Troisième problème, qui est idéologique, c'est que le parti est devenu "l'establishment", le parti des élites. Quand vous avez un président qui s'appelle Donald Trump qui se revendique comme anti-establishment, même maintenant en étant au pouvoir, c'est très difficile pour les Démocrates de se reconstruire en combattant Trump comme si il était une élite alors qu'il répète tous les jours qu'il ne l'est pas.

S'ils arrêtaient de l'attaquer systématiquement sur des détails du quotidien pour faire une attaque coordonnée et structurée, ce serait vraiment très différent. J'étais étonné qu'on n'attaque jamais Trump sur le fond mais sur la forme et cela continue.

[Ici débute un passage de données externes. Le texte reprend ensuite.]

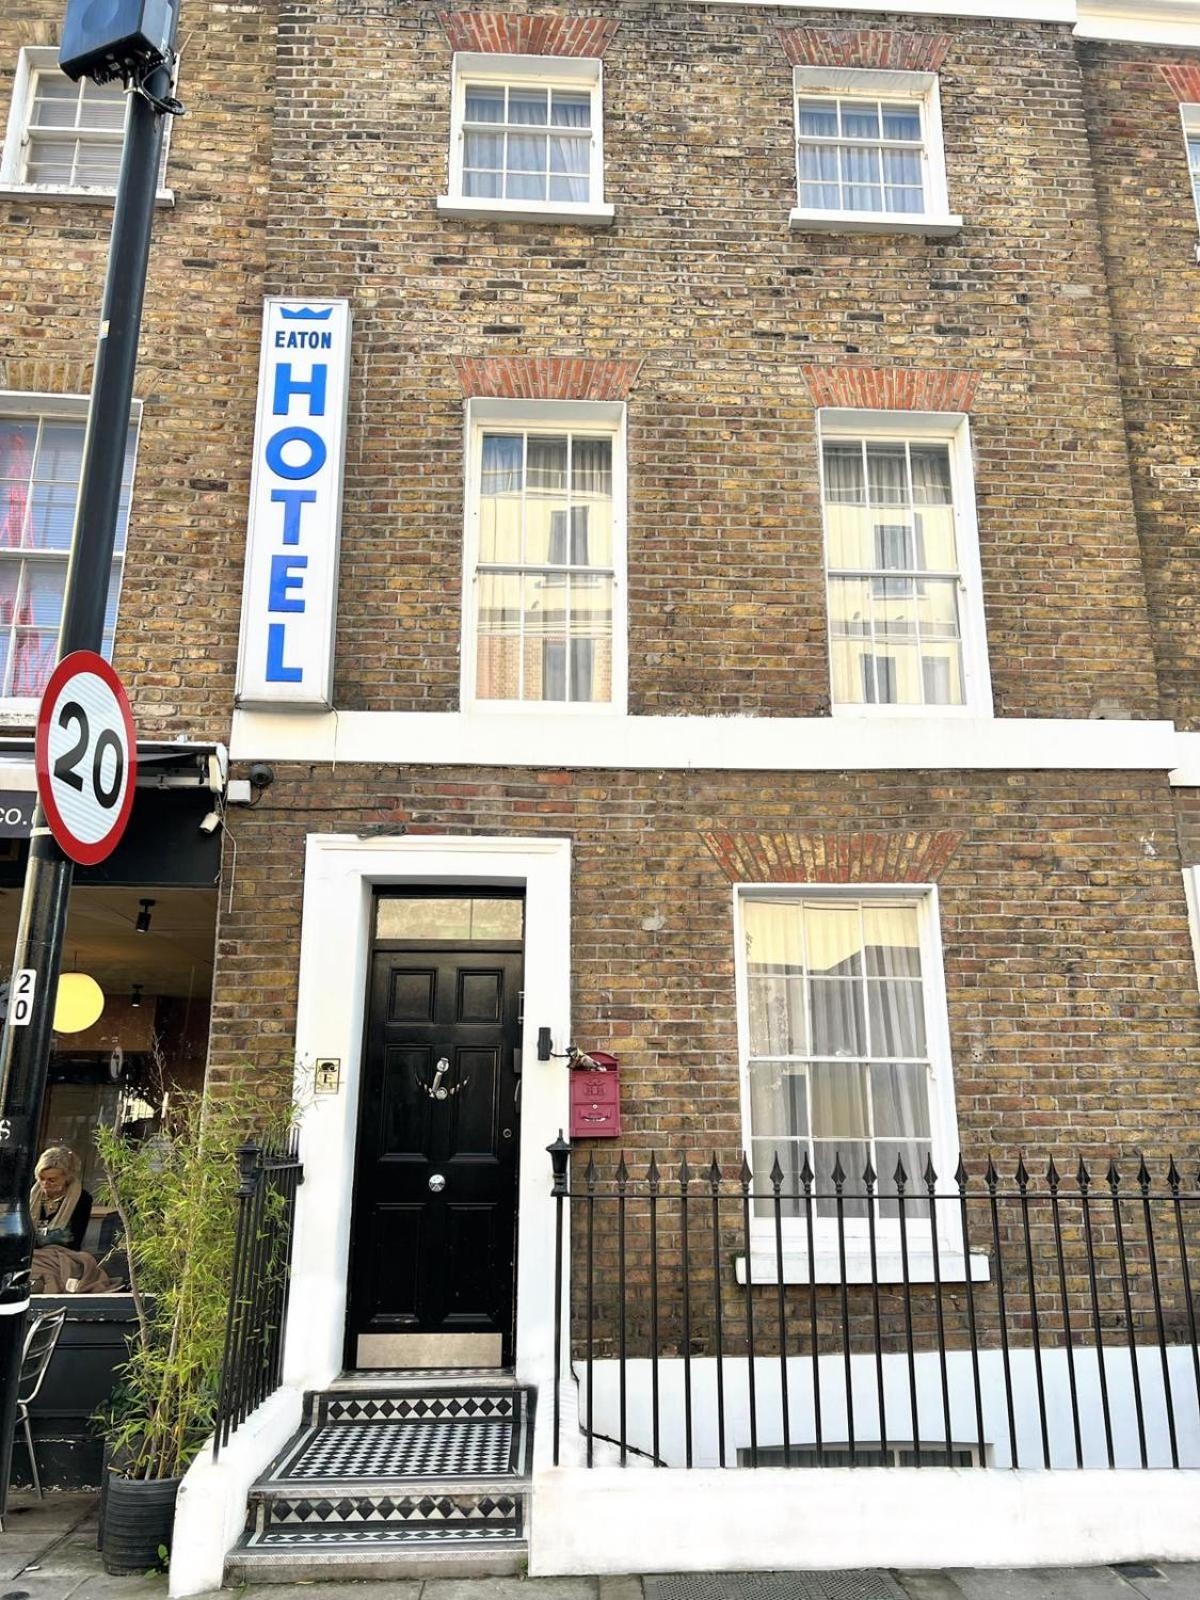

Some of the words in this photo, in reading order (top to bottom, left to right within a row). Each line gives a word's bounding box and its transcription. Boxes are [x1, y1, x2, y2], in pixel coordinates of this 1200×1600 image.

[275, 331, 332, 349] EATON
[265, 362, 328, 683] HOTEL
[53, 701, 124, 809] 20
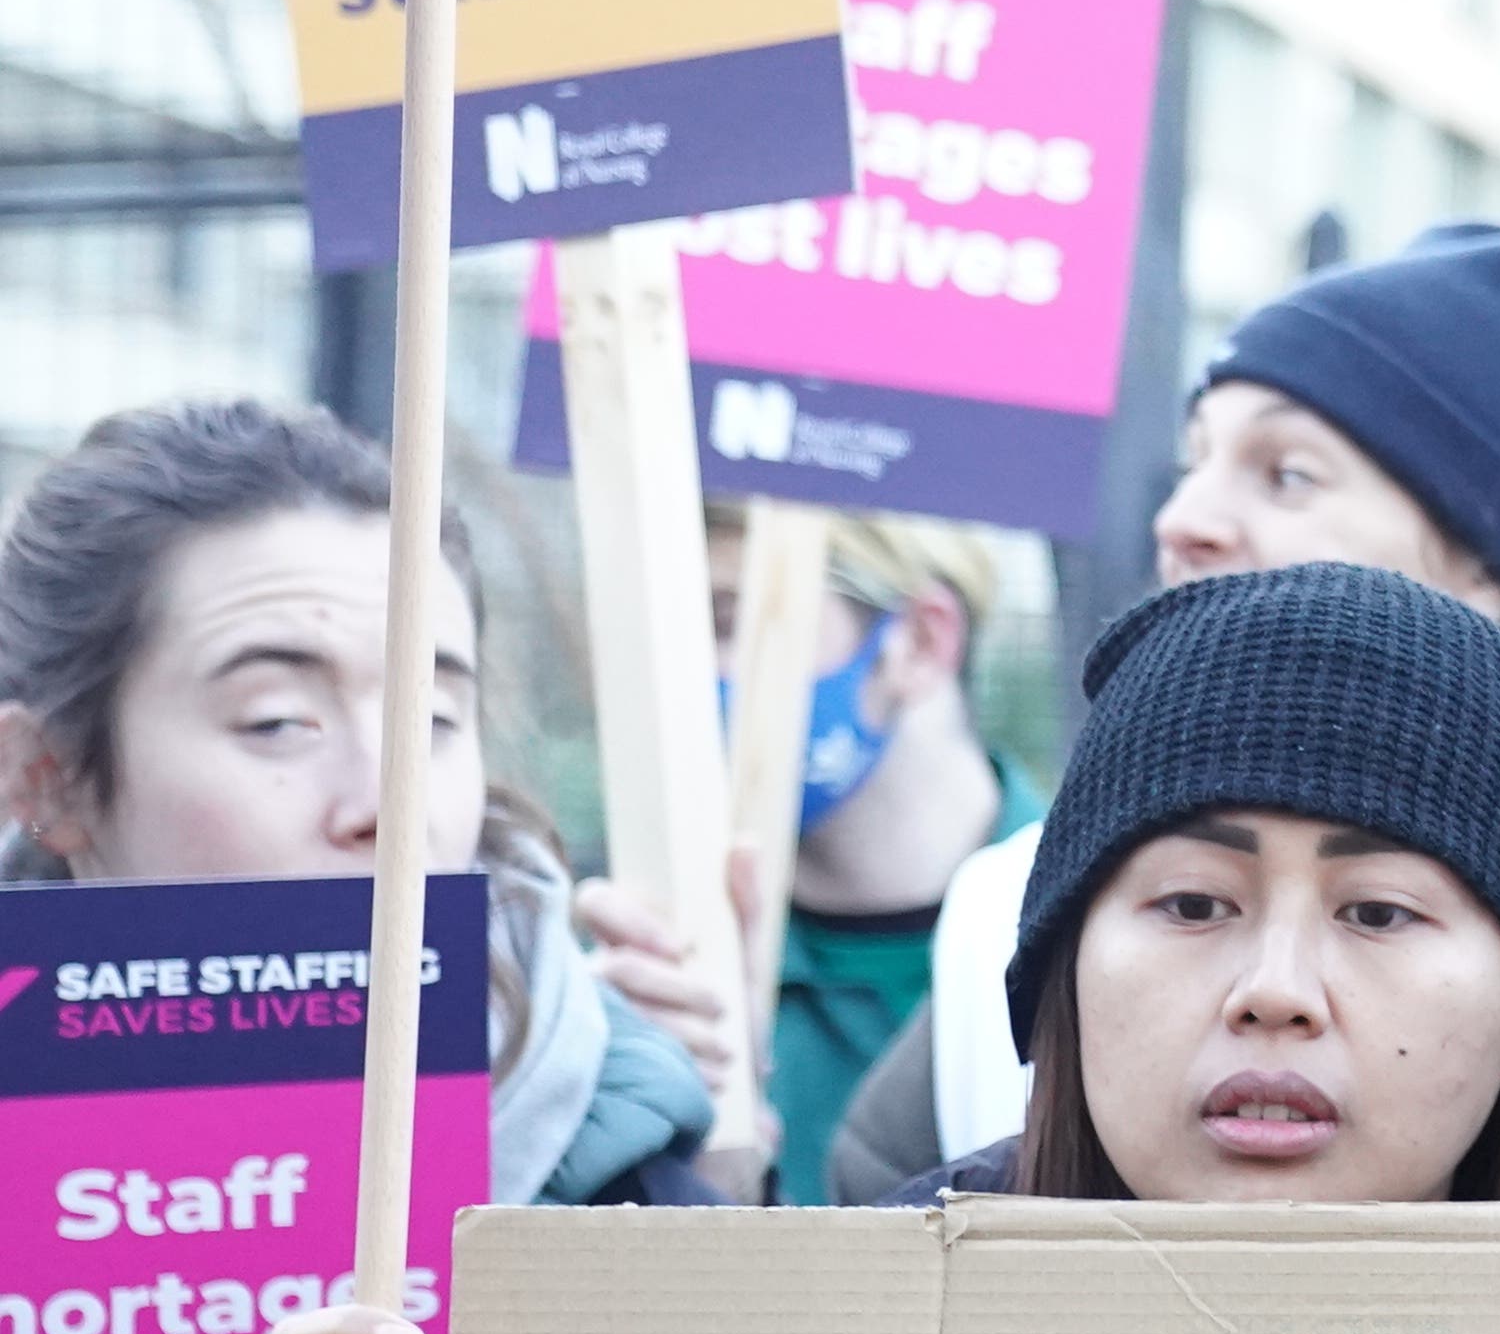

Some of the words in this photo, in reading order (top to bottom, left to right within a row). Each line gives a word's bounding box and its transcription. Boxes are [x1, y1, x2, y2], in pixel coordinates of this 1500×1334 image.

N'oublions pas que le pays vit un patriotisme exacerbé depuis le 11 septembre 2001 qui n'est jamais retombé. Ça, ça ne peut servir que les intérêts de Trump qui s'est placé habilement sur ce créneau en bloquant les Démocrates qui auraient pu, voulu faire de même.

Ce que l'on attend de Clinton dans son livre c'est un constat froid, sur son échec personnel et l'échec de l'idéologie de son parti et cela ne semble pas en prendre la direction aujourd'hui.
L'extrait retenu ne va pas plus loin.